Funding shortfall that has dogged carmaker since its formation intensifies as parent company’s financial woes deepen

A Hengchi concept saloon car. Photo: Wiki Commons


Shares of China Evergrande’s electric car unit plunged as much as 26% on Monday as the debt crisis swirling around the property developer began to impact its broader business.

The declines followed a warning that China Evergrande New Energy Vehicle Group (CENEV) faced an uncertain future unless it got a swift injection of cash following a decision to halt a yuan-denominated share sale.
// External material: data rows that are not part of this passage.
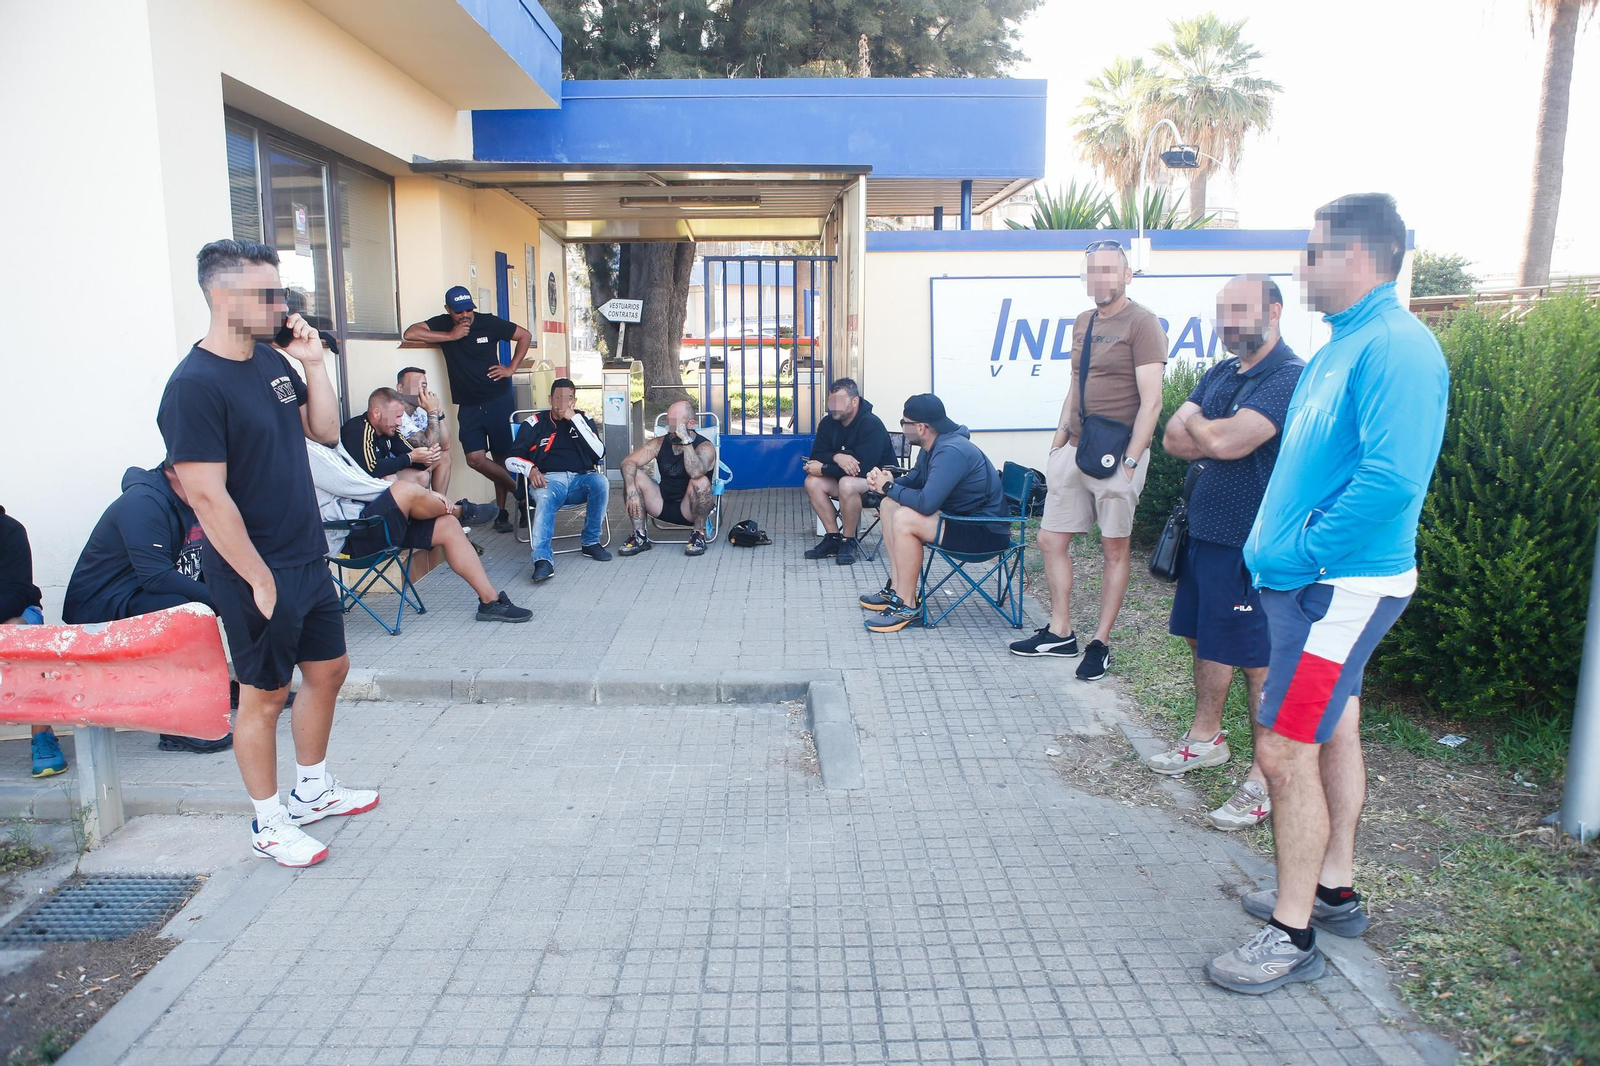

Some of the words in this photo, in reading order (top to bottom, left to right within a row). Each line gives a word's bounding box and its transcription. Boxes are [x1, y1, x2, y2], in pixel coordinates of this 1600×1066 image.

[609, 302, 640, 311] VESTUARIOS
[607, 310, 639, 319] CONTRATAS
[1233, 604, 1253, 612] FILA
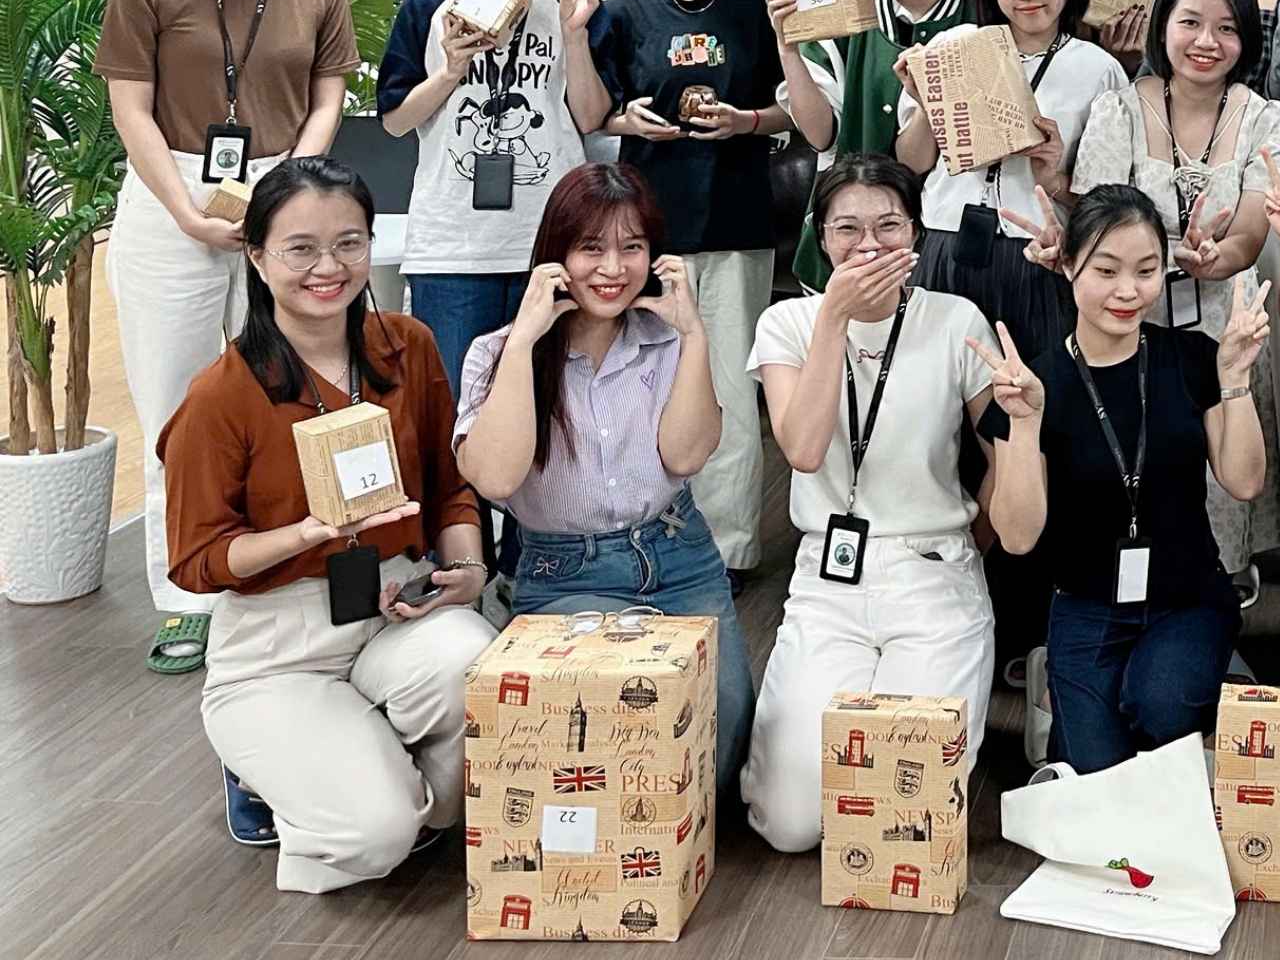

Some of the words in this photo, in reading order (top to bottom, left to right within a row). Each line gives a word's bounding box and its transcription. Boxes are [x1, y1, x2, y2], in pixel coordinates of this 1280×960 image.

[525, 33, 556, 61] Pal,
[925, 50, 943, 103] Easter
[953, 102, 972, 148] battle
[360, 473, 378, 489] 12
[559, 810, 577, 823] 22
Shares slid to as low as HK$1.66 ($0.21) in early trade before paring losses to fall 2.2%. China Evergrande’s stock rose 5% to steady near the decade-low they made last week, while Evergrande dollar bonds were at distressed levels.
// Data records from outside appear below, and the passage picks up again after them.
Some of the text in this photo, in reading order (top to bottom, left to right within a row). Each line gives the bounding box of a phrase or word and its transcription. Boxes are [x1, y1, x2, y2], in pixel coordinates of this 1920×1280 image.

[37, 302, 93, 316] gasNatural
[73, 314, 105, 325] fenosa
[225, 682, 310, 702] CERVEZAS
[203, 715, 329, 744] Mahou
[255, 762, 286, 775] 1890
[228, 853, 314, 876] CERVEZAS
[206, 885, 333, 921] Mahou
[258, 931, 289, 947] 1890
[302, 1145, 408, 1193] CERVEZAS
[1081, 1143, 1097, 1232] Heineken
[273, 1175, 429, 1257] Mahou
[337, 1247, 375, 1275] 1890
In the broader market, concerns that a collapse at Evergrande could drive a global crisis have ebbed.

“I think the markets have priced in that on the balance of probabilities, the shock and awe is over,” Kyle Rodda, analyst at brokerage IG Markets in Melbourne, said.

“Markets are really just expecting from here on in, a company that is doomed to failure but one which won’t be allowed to result in major risks within the Chinese financial system – or that (contagion) won’t pervade global markets.”

CENEV, whose brand name in China is Hengchi, has been fighting a funding problem for months. It’s been losing money since its formation in 2019 as rivals Tesla and BYD have managed to get products in display windows faster.

Losses widened in the first-half this year as the cash crisis threatened to force a halt to production. Also, Evergrande is mulling the sale of a stake in the carmaker to smartphone giant Xiaomi as the parent company desperately tries to plug its gaping debt chasm.



Evergrande missed a payment deadline on a dollar bond last week and its silence on the matter has left global investors wondering if they will have to swallow large losses when a 30-day grace period ends.

Its next major test in public debt markets will come on Wednesday when it is due to make a $47.5 million bond interest payment on its 9.5% March 2024 dollar bond.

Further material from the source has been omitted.